Head Coach Craig Lynch's task at the tiller of Newcastle's barge has not been helped by negative vibes surrounding the departure of the respected Peter Scantlebury, criticism from the Geordie media, and sniping from former star Leon McGee. Water off a duck's back maybe, but how does Lynch himself rate the progress of his black and white army so far ?
"We're hanging on in there at the moment," admits Lynch (pictured right). "We're not playing as well as we could, but after a poor start, we're OK. I feel that we are poised to pounce and if results go our way, we can move up into the top four. We've been winning even when we haven't been playing well but I'd rather be playing well and winning more comfortably."
"At present, we're too soft which concerns me. We need to be tougher and we've had some big leads which we've let slip. I keep emphasising to my guys that they need to concentrate over 40 minutes."
Although at least three of Newcastle's line up are on schedule to turn out on home soil for February's All-Star Game, individual inconsistency has been the one true constant of the Eagles' season. Only Ralph Blalock seems to have truly shined night after night but others have dropped in and out of the starting line up. A case of indecision or tactical planning by the playcaller ? Lynch puts up a convincing case for the latter.

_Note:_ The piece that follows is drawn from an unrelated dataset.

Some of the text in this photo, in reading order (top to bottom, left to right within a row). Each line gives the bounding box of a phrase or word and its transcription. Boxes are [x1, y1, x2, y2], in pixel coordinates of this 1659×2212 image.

"We've been varying our starting line up and that can be a positive thing. The main thing the players are concerned about is getting minutes, so whether they start or not, they just want to play."

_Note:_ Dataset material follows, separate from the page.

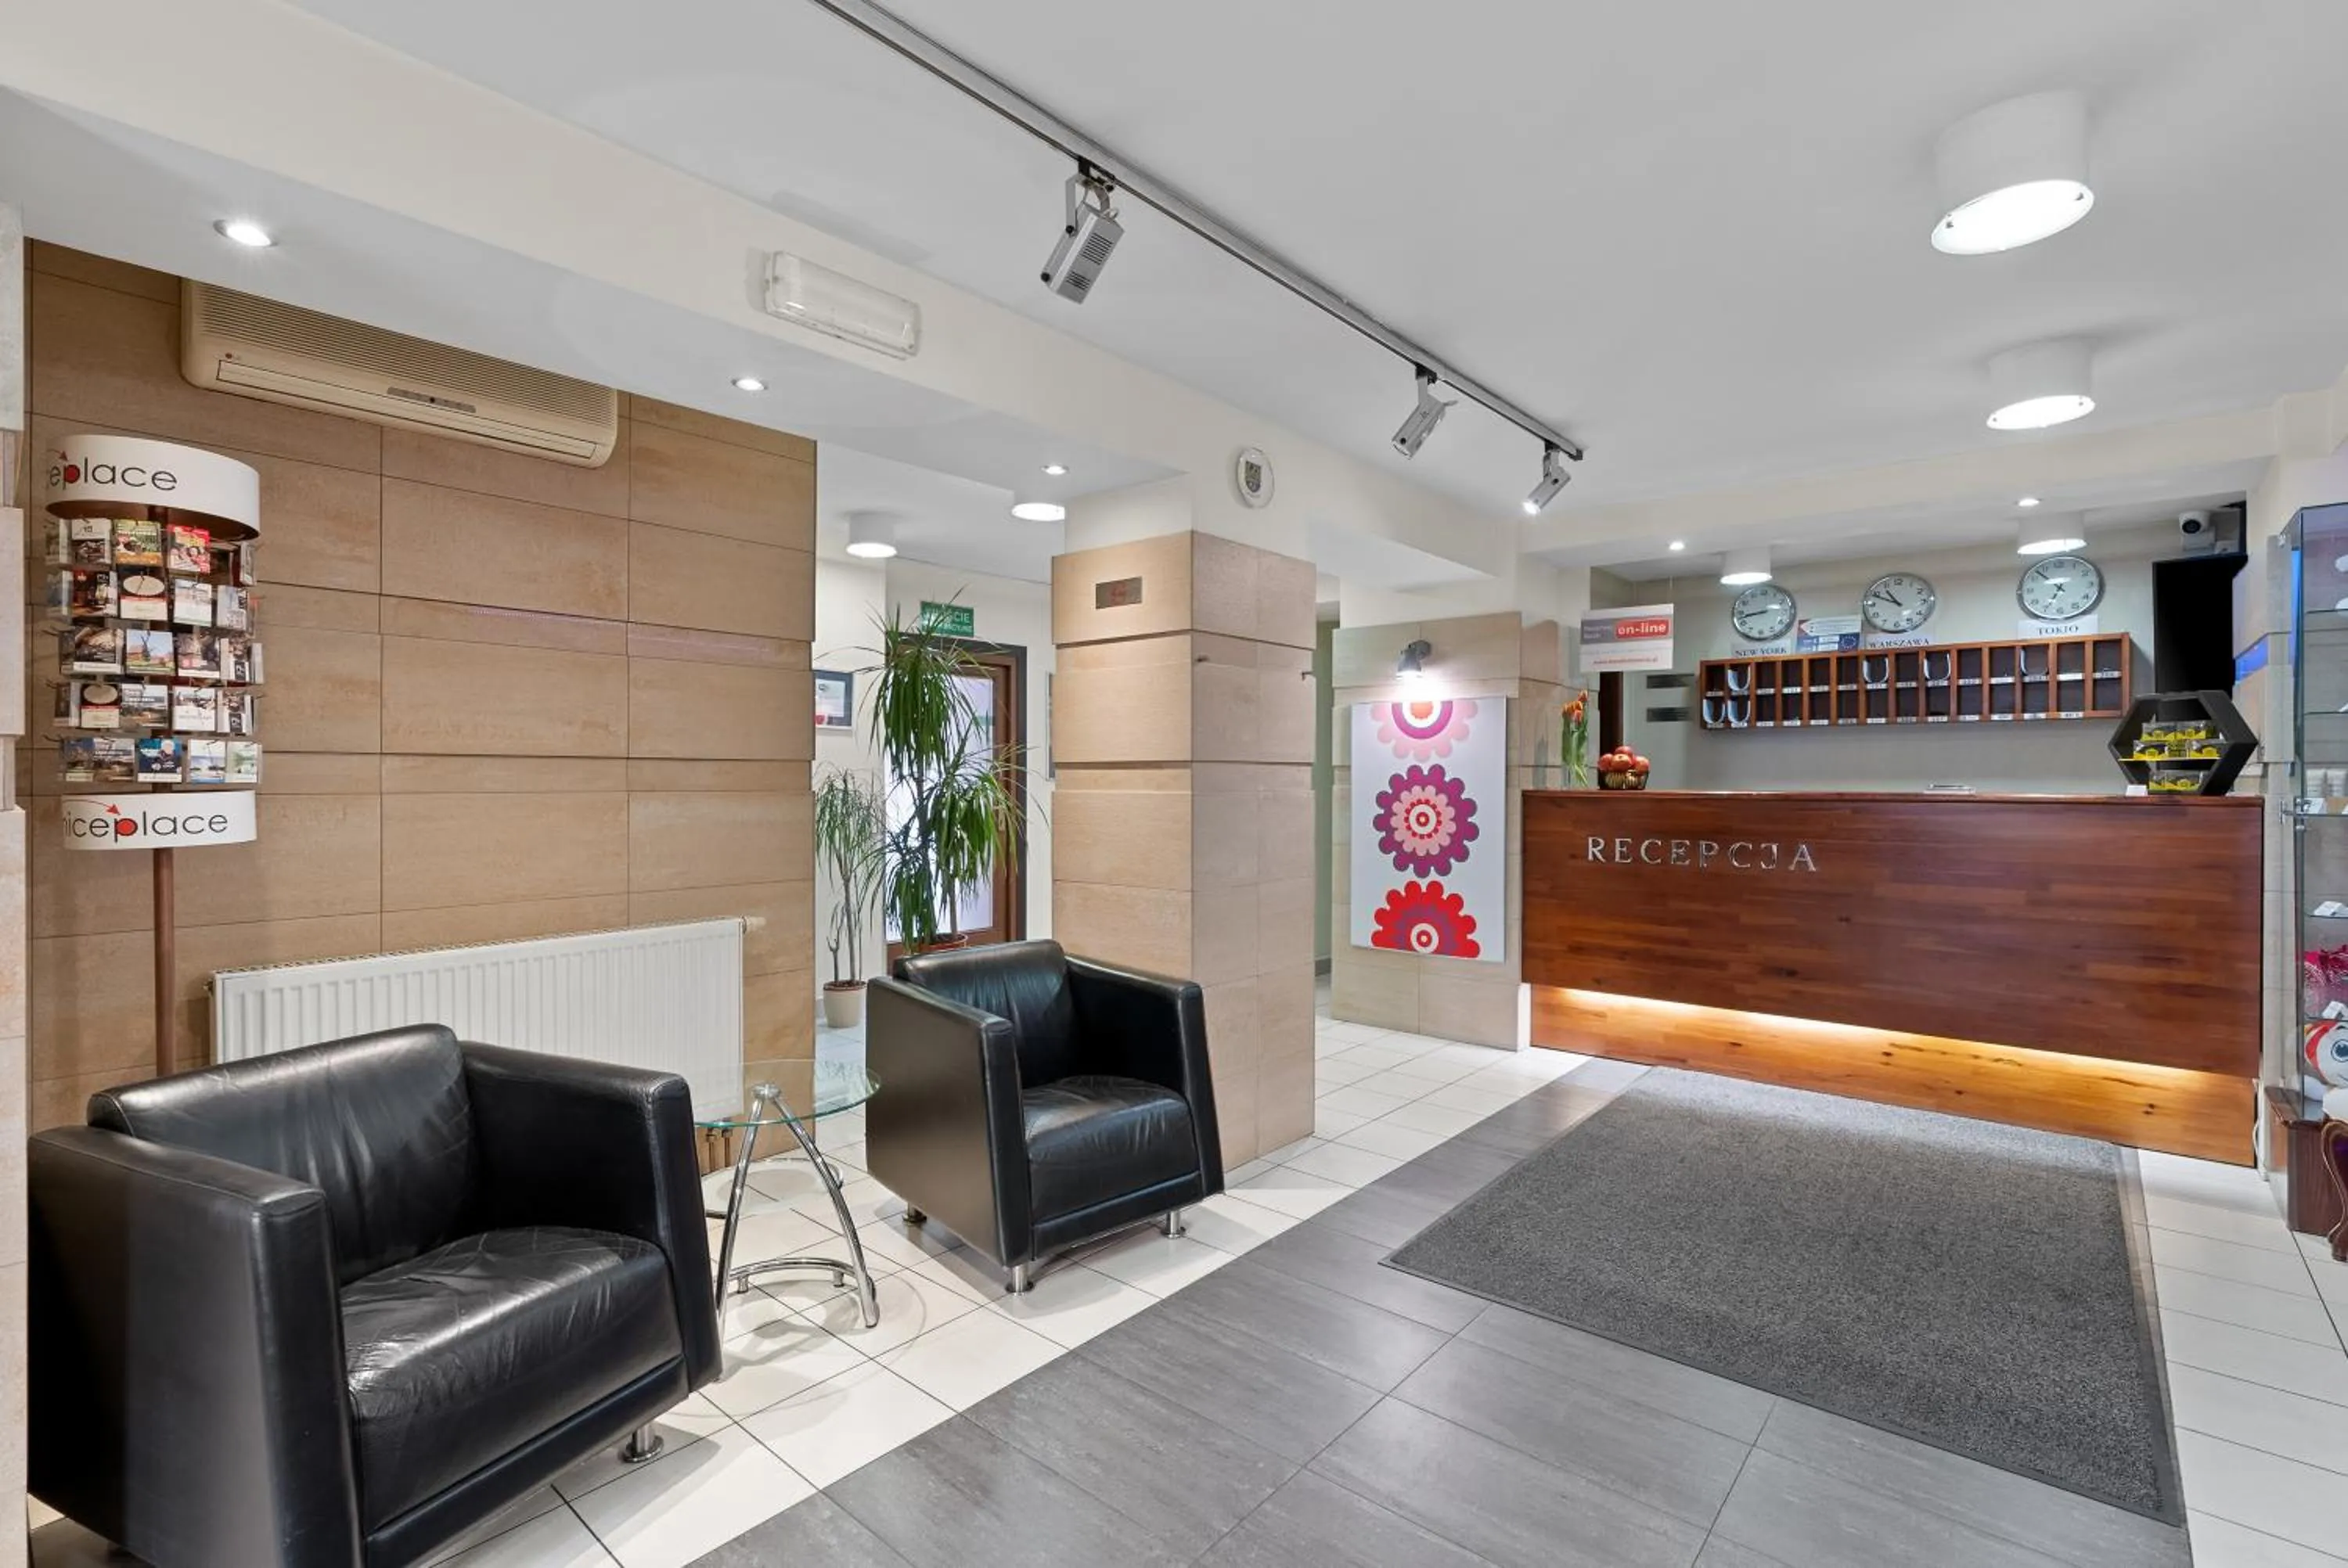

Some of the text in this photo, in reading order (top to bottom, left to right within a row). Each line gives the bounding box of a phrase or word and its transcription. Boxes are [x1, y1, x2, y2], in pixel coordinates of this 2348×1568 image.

[1618, 622, 1666, 636] on-line
[2038, 625, 2079, 635] TOKIO
[1868, 638, 1929, 649] WARSZAWA
[1587, 836, 1817, 872] RECEPCJA

"Chris Fite has some big games in him right now but he needs other players to step up to help him. Same with Scott Wilke. We need extra from him. You always have to keep your bench happy in order to keep the competition up in practice and in games. It's one of the toughest parts of being a coach but I believe you have to go with your best guys and if you bring someone in off the bench, it has to improve on the group you already have out on court."
Jokes Lynch, "I think Mike Finger had it made with only five players. It must have made his job easy!"
Eagles are still heading for the Uniball Trophy quarter finals with a potentially promising trip to Derby and remain steadfastly in the group of teams contesting every spot from third downwards in the league. Most disappointing was the calamitous exit at the penultimate hurdle in the Sainsbury's Classic Cola Cup, a 18 point lead inexcusably squandered. Nonetheless, Lynch retains a cautious optimism for the rest of the campaign.
"The team made the semi-finals in the Cup, which was an improvement on last year where we lost in the first round. I want to finish as high as possible, preferably fourth or higher so we can have two matches at Newcastle in the play offs. Right now we have to win some game to ensure we stay away from the play off battle. Edinburgh have five game in hand, Chester, Leicester, Milton Keynes can all make a run and hit teams on their night.
With the transfer deadline on January 31, Newcastle's General Manager Ken Nottage is one executive for whom the quick presentation of the chequebook is unlikely. His coaching supremo is happy with the men he has and with young star Gavin Bethel showing glimpses of his exciting future, Eagles potential seems better than their win-loss record.
"I think technically now, we're a lot better than last year. This group of players have a better understanding of what I want from them. Leon (McGee) and Rob (Phelps) were excellent players but I look at us as having improved as a team. I'd have liked to have brought back Mark Boyd, but he turned down our offer and we brought Corey Jackson in as a replacement."
"I have a good contingent of English players and for someone else to come in now and get to know our system would be difficult. If we win some games, we can some some confidence into the side and make a challenge for Wembley."
For all Eagles' successes in drawing supporters into the Telewest Arena and setting the club on a sound financial and commercial footing, nothing could give basketball in north east England a greater fillip than to inscribe the Sporting Club's name on an item of trophyware. With 1999 looking like the year of the North in British basketball, maybe Lynch will have his day come May.